House-to-house inspections for vector control to recommence

The Vector Control Services will recommence house-to-house health inspections, including dropping Abate larvicide tablets in drains to kill mosquito larvae as a measure to reduce the rapidly rising cases of chikungunya, Chief Medical Officer Shamdeo Persaud said yesterday.

Speaking with Stabroek News, Persaud said Vector Control Services were given a deadline that by the end of October, 100 houses in each region should be inspected and treated. He said public health workers will visit houses, treat stagnant water and educate the households. The health workers will then place a health card on the backdoor of the house to grade its level of sanitation.

He said once the programme is successful, they will target the entire population every month with house-to-house health inspection. He further indicated that Abate larvicide tablets—which control vector-borne diseases by destroying the vector before they reach maturity—will be thrown into the drains and stagnant water to kill the mosquito larvae.

Suspected cases of chikungunya have risen to 5,232 while only 103 have been confirmed, Persaud said.
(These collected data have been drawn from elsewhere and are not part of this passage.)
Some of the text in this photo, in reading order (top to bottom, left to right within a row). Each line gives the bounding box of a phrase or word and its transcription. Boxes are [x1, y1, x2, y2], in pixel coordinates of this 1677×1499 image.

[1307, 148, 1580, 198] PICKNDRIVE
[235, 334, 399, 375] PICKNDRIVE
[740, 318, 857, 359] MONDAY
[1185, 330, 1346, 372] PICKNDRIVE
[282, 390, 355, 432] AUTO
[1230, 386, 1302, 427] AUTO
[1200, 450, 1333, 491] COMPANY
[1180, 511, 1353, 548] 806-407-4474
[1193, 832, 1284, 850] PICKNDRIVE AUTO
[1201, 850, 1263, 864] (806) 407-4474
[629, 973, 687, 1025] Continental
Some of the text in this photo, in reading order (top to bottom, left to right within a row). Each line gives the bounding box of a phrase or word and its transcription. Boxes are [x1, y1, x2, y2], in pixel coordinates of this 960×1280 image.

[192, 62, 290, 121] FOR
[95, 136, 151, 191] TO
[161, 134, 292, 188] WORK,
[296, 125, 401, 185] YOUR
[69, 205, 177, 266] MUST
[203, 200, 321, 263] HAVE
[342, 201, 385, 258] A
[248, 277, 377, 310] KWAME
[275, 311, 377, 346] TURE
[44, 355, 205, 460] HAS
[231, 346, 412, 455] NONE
He noted that the house-to-house programme coupled with fogging will definitely reduce spread of the virus.

Residents in Buxton, Annandale, Friendship and Paradise, however, were not so enthusiastic about the Health Ministry’s fogging exercises since they say their areas were never fogged from the inception. Residents in Buxton said since the ministry announced the first cases of the virus in the country, and started fogging villages on the East Coast Demerara, Buxton has not been fogged once to date.

“No fogging has been done in Buxton…We are being marginalised because this was one of the areas that didn’t support them so they wouldn’t help us,” one resident said. “It’s sad but look how we burial ground overgrown with bush and the trenches ain’t clean,” the woman added.

“We are concerned about chikungunya, but Buxton is a breeding site for other sickness… This is not just chikungunya alone… We have overgrown trenches and stagnant water. The bushes growing high, the burial ground full of weeds and this is a major concern for us,” another woman, who asked not to be named, said.

A man from Paradise, East Coast Demerara also complained that fogging was not carried out in his village. He said all they were hearing about was fogging in Georgetown but nothing was being done to protect the community. “As far as I’m concerned we are not prepared for any disease. If Ebola come we dead because if we were not prepared for chikungunya how can we be prepared for something big as Ebola. Guyana dead if it comes,” he said.

An Annandale resident said she is pleading with the ministry to do something in her village to prevent chikungunya from spreading.

When Stabroek News visited the Buxton Health Centre, which provide services to three of the four villages, a health worker said they were treating over 10 patients every day with symptoms.

She said the majority of these patients were from Buxton and as the numbers increased, the health centre began to run out of Diclofenac injections to treat the joint pains.

Health workers at the centre then started to create awareness on the virus every time they had a large turnout at clinics, so as to reduce the spread in their catchment areas. “I think a lot of people have heard about chikungunya and the symptoms but they are not fully educated on how to prevent it,” she said.

When the issue of these communities not being fogged was raised with Persaud, he said he was unaware of the situation and would look into it. But, he said, from his recollection, the Vector Control Services were fogging from Golden Grove to Georgetown.

He also stated that his instructions were very clear on the public’s role in reducing the spread. “…take your medication and stay at home because even though your pain eases and the rash has cleared up you still remain infectious,” he said.

“We are really appealing to the public to do this. From the inception we have told them to stay in their houses, especially under a net because they would still be infectious even though the symptoms have left,” Persaud stated, adding that doctors were instructing patients to stay at home. “You might feel well but you are not well,” he said.